- Description of the task -
The records that follow are to be reproduced exactly. Any pictures in them are left out.

Image-backed grounding data:
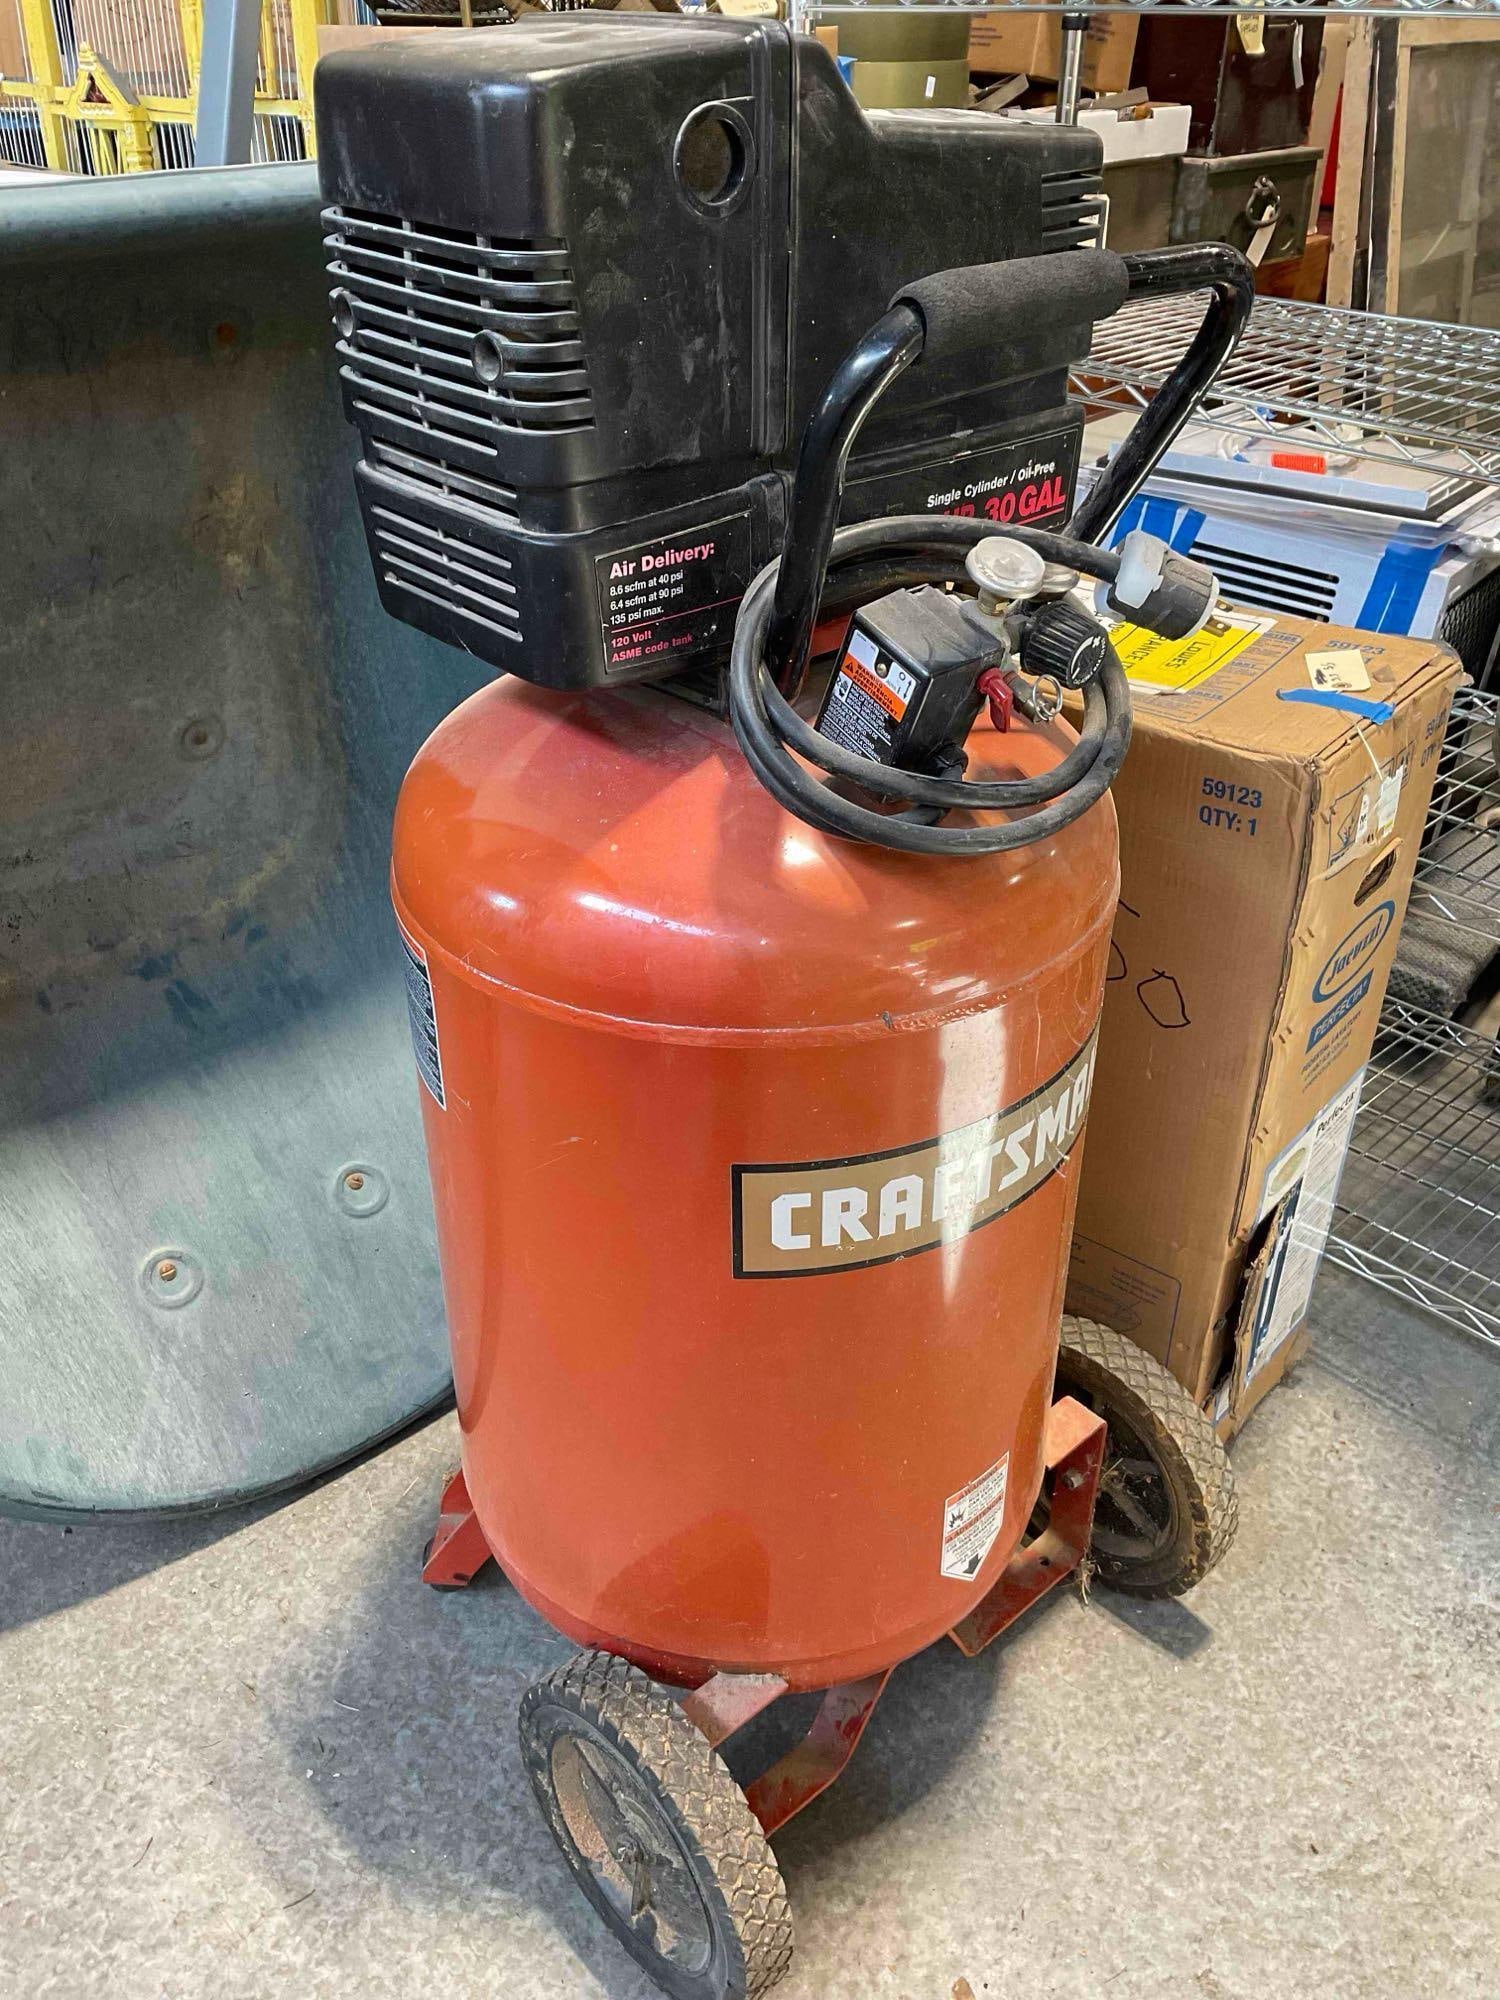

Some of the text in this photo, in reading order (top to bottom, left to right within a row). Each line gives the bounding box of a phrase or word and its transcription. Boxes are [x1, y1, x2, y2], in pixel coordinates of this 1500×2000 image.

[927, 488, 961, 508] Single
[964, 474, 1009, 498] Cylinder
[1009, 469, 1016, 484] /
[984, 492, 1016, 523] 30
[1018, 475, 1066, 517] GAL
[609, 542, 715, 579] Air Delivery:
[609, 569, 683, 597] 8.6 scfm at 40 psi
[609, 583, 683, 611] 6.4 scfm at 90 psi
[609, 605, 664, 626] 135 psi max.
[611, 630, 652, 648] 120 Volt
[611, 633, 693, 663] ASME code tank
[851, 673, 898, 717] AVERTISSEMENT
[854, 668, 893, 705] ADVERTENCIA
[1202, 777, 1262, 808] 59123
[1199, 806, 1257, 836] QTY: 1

- Reply -
Some of the text in this photo, in reading order (top to bottom, left to right within a row). Each line gives the bounding box of a phrase or word and its transcription. Boxes are [x1, y1, x2, y2], in pixel coordinates of this 1500×2000 image.

[927, 488, 961, 508] Single
[964, 474, 1009, 498] Cylinder
[1009, 469, 1016, 484] /
[984, 492, 1016, 523] 30
[1018, 475, 1066, 517] GAL
[609, 542, 715, 579] Air Delivery:
[609, 569, 683, 597] 8.6 scfm at 40 psi
[609, 583, 683, 611] 6.4 scfm at 90 psi
[609, 605, 664, 626] 135 psi max.
[611, 630, 652, 648] 120 Volt
[611, 633, 693, 663] ASME code tank
[851, 673, 898, 717] AVERTISSEMENT
[854, 668, 893, 705] ADVERTENCIA
[1202, 777, 1262, 808] 59123
[1199, 806, 1257, 836] QTY: 1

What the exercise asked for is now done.